Fourth, to steer the conversation subtly, intersperse questions with statements. To be even more subtle, intersperse some heavily rejoindered open-ended questions with yes-no ones and choice ones. The choice question Do you generally have pleasant dreams or nightmares? and yes-no question Do you live close to here? are generally easy to manage (simple user responses are easy to predict) but too many of them in a row is suspicious. Interspersing an open-ended question where you can be ready with a wide range of rejoinders goes a long way toward maintaining the illusion of understanding. Consider this rejoinder set for the question What's your favorite way to kill? :
a: ([dismember axe decapitate decapitation ] ) Not a stealthy method. The weapon is hard to hide.
a: ([ ricin umbrella] ) Classic Russian.
a: ([knife gun pistol bullet shoot mallet "blunt instrument" crowbar bludgeon ] ) Hardly elegant.
a: (<< plastic bag >> ) Recycled grocery bag?
a: ([neck break snap suffocate suffocation garrote ] ) I'd hate to risk getting that close in.
a: ([poison anthrax cyanide] ) One of my faves.
a: (stone) Weapon of the moment. But how can you insure having one when you need it?
a: (boil in oil) Coconut oil is probably best. It has a high temperature threshold.
a: (<< burn stake >>) Do you live in Salem?
a: ([fire burn incinerate napalm] ) That's pretty gruesome.
a: (gibbet) Aren't those all rusty by now.
a: ([river ocean sea creek ]) He sleeps with the fishes. Very Italian.
a: ([water drown] ) Perhaps after a bit of water-boarding?
a: ([allergy allergic bite food ] ) That takes a bunch of preparation.
a: ([electrocute electrocution electricity electric ] ) Something a bit stronger than a Taser.
a: (freeze) You own a walk-in freezer?
a: (heart attack ) How do you simulate that.
a: ([explosive explosion dynamite nitro nitroglycerin C4] ) A bit risky for bystanders.
a: ([propane gas ]) You set it up to look like a gas leak?
a: (<< drop onto >>) That takes pretty careful timing.
a: ([push cliff window plane airplane fall height drop ] ) I wouldn't want to get that close to them.
a: ([too so] many ) Been studying this area for a while, have you?

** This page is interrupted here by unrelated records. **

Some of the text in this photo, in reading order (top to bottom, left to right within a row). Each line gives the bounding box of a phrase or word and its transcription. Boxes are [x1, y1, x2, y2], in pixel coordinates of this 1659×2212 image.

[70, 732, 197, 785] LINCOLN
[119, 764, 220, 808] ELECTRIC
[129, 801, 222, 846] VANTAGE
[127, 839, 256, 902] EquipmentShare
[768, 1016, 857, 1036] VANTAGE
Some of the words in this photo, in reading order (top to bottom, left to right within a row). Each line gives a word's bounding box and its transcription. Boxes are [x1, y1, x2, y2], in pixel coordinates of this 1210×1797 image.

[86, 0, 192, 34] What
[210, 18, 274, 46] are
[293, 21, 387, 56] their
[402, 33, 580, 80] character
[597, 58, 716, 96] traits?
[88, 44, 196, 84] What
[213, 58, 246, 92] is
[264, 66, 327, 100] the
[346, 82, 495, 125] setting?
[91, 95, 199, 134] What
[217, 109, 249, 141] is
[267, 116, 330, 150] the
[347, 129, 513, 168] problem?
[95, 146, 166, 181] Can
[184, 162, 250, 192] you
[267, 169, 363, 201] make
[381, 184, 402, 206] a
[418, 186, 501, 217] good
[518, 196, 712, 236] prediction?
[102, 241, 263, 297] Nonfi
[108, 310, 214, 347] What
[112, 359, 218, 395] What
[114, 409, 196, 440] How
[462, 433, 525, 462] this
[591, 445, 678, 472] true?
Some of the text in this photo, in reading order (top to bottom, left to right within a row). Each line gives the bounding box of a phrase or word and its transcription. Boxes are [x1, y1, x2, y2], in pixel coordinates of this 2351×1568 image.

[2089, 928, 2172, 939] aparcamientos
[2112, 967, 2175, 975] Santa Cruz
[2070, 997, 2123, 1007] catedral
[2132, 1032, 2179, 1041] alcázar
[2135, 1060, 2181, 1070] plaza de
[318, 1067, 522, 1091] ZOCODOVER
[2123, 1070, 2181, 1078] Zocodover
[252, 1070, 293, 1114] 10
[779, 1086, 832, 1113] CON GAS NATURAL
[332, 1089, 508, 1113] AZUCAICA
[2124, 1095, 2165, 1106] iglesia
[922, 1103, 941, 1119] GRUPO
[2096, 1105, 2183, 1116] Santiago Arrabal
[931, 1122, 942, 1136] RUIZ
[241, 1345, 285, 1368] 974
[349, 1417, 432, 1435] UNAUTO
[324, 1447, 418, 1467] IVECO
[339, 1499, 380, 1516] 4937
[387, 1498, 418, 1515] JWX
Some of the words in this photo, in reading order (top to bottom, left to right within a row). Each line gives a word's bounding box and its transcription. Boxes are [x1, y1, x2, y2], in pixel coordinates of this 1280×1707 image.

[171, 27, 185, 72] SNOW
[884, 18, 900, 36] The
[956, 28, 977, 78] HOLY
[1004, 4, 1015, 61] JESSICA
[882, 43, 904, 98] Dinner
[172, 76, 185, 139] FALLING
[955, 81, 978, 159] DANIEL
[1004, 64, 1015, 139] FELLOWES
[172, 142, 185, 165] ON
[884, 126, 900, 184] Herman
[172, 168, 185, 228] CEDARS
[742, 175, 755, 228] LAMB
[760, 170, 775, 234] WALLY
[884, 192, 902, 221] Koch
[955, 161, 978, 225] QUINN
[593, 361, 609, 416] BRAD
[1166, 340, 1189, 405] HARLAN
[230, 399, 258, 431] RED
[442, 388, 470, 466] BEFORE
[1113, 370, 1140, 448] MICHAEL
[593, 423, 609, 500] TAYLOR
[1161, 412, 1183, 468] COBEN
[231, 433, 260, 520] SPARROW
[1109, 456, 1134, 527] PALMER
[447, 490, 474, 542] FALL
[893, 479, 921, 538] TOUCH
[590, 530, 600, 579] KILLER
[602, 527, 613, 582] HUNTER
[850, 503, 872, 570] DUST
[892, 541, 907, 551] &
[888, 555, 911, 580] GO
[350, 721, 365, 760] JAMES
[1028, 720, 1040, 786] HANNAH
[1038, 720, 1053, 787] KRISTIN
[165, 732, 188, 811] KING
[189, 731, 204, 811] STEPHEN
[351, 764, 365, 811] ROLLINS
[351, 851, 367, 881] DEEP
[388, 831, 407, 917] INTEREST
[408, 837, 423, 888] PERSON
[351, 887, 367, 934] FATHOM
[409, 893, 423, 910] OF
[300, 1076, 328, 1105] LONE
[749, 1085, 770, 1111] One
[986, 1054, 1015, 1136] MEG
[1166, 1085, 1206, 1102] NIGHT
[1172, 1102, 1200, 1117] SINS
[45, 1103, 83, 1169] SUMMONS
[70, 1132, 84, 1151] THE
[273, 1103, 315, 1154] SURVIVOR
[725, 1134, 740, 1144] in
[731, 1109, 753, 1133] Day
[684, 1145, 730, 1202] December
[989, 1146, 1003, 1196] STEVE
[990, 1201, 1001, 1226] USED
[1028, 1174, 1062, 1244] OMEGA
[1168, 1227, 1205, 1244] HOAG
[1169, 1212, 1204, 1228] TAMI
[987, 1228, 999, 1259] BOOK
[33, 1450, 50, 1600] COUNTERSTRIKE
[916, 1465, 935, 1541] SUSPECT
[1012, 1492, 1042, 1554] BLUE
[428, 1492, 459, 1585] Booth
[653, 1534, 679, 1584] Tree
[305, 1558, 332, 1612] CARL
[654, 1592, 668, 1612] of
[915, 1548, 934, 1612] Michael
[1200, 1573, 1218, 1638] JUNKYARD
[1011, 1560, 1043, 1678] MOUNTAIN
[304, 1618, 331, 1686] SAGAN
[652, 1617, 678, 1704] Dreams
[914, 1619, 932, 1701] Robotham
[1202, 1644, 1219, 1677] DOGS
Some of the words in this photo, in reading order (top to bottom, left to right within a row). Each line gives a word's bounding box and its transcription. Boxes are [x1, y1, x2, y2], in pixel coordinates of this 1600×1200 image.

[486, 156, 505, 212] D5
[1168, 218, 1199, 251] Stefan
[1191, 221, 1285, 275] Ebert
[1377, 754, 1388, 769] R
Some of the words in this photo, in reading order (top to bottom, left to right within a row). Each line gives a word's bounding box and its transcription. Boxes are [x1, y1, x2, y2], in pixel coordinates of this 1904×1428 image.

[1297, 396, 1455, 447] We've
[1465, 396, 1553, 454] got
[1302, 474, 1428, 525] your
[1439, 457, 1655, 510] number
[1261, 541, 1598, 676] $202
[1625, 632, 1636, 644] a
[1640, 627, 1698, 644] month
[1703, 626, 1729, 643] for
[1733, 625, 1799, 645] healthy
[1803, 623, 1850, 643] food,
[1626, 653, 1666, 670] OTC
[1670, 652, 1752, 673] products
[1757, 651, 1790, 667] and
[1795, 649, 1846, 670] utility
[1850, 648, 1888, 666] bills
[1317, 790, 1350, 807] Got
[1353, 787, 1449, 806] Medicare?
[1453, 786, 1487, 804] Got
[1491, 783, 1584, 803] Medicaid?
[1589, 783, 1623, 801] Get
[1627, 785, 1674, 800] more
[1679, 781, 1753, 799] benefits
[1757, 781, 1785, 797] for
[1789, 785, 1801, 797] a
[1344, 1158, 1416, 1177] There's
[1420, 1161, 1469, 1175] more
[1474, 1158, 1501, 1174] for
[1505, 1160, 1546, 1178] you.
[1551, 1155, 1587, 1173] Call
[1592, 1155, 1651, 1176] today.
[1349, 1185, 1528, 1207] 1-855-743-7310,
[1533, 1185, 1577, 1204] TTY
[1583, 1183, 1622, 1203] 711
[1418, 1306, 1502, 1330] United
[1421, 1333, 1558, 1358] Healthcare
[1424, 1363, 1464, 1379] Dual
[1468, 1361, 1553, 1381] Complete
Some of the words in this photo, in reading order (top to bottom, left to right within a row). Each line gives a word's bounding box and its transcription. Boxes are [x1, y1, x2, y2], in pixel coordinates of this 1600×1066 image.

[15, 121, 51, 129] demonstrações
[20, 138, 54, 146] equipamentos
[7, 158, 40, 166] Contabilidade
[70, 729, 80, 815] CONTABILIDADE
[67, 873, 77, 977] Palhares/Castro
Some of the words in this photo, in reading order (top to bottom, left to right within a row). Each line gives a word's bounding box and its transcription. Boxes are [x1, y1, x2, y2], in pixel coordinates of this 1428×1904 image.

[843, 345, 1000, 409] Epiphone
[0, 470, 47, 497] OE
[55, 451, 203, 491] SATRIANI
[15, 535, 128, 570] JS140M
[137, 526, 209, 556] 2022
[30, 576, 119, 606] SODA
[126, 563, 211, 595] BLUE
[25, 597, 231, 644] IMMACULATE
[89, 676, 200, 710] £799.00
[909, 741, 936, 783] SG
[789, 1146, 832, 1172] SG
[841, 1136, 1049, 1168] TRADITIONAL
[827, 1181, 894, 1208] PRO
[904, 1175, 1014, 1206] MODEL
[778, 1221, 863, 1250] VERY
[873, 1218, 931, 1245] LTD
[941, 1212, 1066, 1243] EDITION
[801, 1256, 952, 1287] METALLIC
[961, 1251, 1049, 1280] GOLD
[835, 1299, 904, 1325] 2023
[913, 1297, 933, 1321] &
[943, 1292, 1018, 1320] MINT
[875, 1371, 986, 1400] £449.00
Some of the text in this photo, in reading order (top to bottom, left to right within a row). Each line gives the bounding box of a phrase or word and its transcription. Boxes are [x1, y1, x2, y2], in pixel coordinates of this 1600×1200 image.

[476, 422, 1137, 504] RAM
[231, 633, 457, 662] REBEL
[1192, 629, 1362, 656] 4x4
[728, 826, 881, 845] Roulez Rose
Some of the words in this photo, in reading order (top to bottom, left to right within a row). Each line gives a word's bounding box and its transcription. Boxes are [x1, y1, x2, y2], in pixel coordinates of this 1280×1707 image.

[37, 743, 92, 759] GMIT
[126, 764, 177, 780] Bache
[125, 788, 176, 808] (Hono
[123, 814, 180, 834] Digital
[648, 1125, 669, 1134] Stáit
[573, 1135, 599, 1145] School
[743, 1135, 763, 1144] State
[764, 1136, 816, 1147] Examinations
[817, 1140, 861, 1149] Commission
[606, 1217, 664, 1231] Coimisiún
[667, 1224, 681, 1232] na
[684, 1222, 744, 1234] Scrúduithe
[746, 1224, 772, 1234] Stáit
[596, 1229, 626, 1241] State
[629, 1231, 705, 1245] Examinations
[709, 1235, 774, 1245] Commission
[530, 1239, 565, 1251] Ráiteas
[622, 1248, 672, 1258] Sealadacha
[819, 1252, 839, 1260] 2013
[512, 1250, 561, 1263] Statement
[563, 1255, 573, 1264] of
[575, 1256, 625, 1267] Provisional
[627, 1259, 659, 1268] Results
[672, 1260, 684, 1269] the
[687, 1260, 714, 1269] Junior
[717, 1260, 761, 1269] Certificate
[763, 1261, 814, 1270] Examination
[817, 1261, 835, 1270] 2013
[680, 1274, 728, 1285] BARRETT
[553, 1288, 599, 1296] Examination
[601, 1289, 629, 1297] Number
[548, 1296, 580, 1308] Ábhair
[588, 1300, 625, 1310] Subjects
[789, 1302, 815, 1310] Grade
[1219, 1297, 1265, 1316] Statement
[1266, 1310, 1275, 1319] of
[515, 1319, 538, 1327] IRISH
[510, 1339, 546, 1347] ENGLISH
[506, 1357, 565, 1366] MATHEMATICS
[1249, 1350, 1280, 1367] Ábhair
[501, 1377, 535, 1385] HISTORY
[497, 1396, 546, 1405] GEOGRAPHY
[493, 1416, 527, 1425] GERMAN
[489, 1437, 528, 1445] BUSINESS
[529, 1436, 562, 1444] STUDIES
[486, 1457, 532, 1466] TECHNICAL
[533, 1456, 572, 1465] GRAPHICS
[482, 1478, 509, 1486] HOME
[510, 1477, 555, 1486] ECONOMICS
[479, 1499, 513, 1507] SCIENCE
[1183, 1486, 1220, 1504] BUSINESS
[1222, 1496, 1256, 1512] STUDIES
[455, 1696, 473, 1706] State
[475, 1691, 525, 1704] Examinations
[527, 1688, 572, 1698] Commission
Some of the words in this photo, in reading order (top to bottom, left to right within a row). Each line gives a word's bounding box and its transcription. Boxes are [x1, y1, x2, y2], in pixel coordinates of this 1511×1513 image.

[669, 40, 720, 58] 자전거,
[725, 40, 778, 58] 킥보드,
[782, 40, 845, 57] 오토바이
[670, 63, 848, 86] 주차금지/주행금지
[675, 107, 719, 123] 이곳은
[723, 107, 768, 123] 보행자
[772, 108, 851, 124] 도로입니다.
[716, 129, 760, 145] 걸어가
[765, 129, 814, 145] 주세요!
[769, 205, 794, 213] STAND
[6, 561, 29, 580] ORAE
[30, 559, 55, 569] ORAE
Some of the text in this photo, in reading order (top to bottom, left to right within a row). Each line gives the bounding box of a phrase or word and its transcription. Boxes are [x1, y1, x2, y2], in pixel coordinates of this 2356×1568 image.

a: ([~noanswer not]) So why are we discussing killing?
a: (~dunno) You should pick a specialization and practice it.
a: (!? ) That's different.
Fifth, vary the length of your sentences, but stay under a tweet (140 characters) generally. Particularly for mobile where screen space is limited, but even for the web. Humans in chat don't generally use long answers and get tired of reading them. It slows down the interactive conversational flow.